Set down each line of the data below exactly as it stands, dropping the pictures.

◆ ◆ ◆ ◆

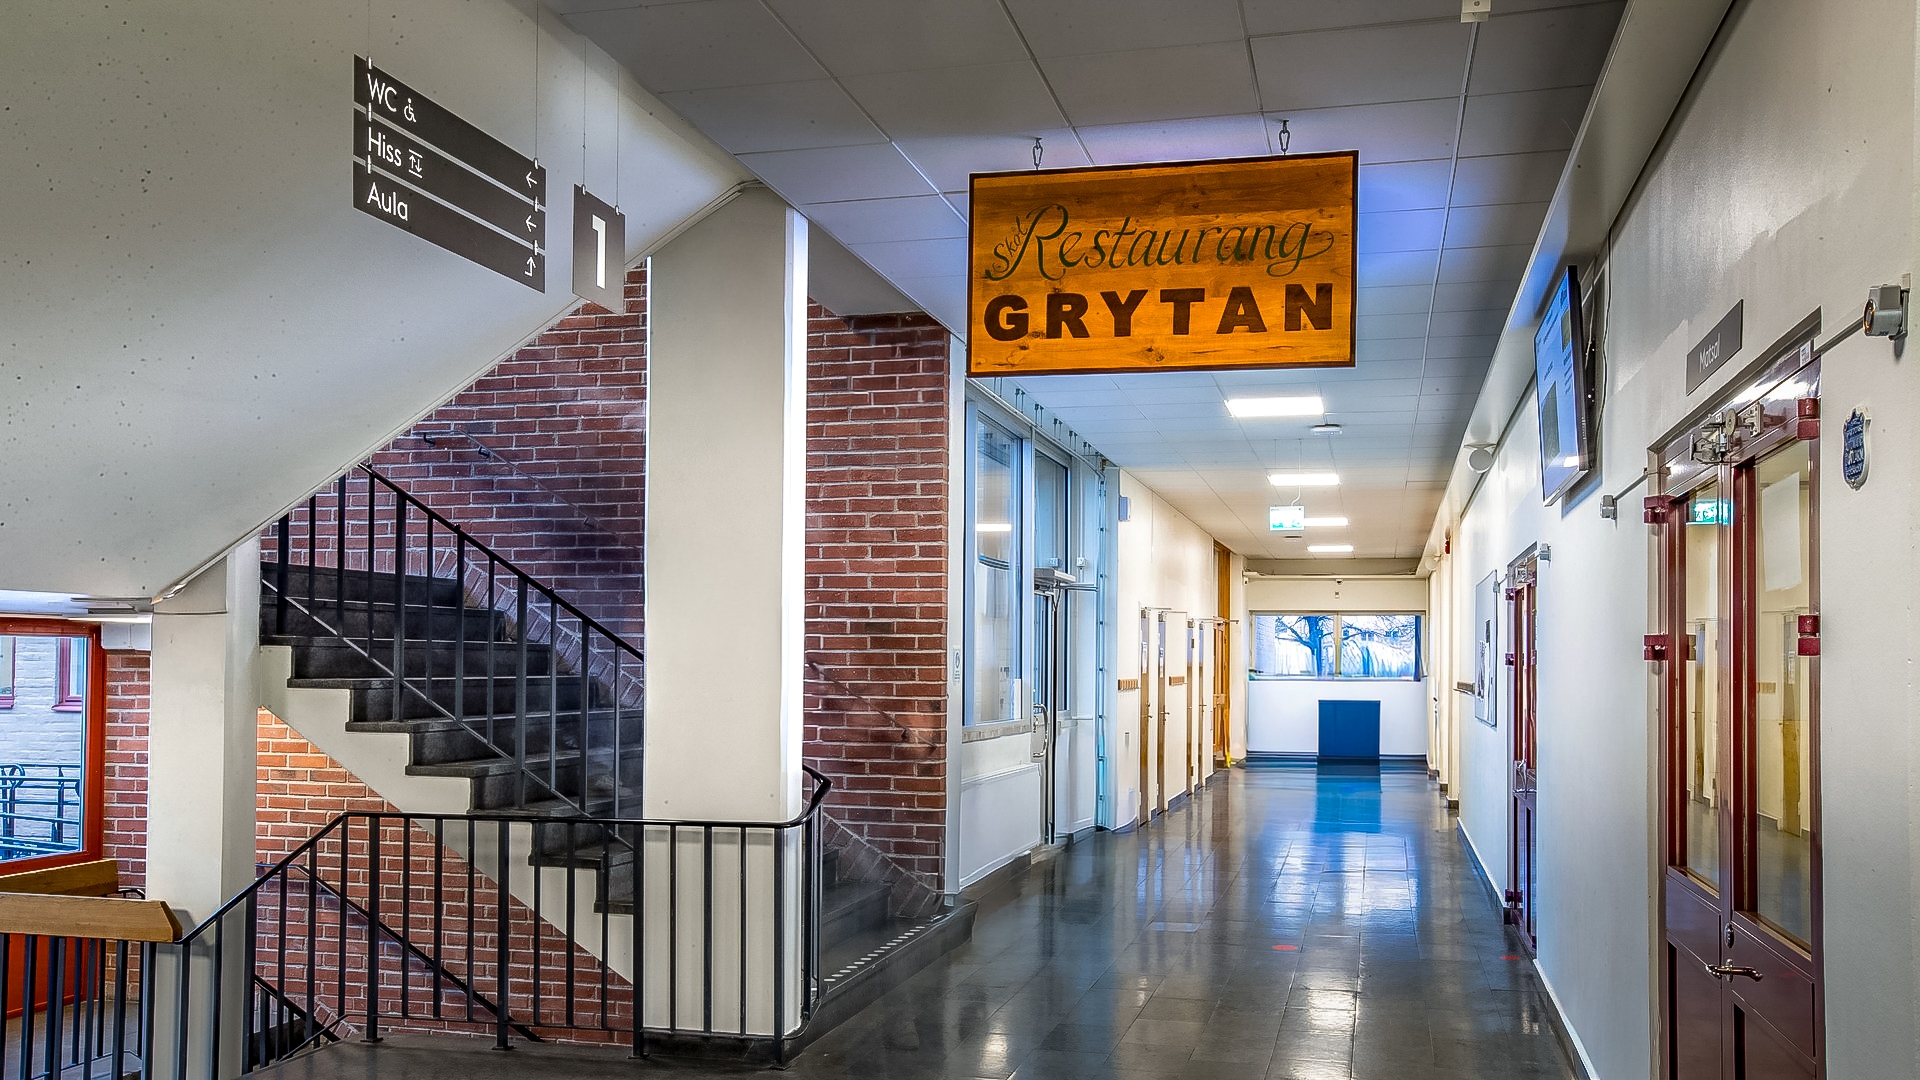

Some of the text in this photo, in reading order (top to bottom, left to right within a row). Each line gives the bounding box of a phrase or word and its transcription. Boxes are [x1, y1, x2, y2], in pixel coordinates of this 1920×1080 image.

[367, 73, 397, 112] WC
[368, 127, 402, 167] Hiss
[367, 182, 408, 221] Aula
[592, 214, 606, 289] 1
[985, 203, 1334, 281] Restaurang
[983, 282, 1333, 341] GRYTAN
[1699, 332, 1720, 373] Matsal

◆ ◆ ◆ ◆

◆ Response to the exercise ◆
Some of the text in this photo, in reading order (top to bottom, left to right within a row). Each line gives the bounding box of a phrase or word and its transcription. Boxes are [x1, y1, x2, y2], in pixel coordinates of this 1920×1080 image.

[367, 73, 397, 112] WC
[368, 127, 402, 167] Hiss
[367, 182, 408, 221] Aula
[592, 214, 606, 289] 1
[985, 203, 1334, 281] Restaurang
[983, 282, 1333, 341] GRYTAN
[1699, 332, 1720, 373] Matsal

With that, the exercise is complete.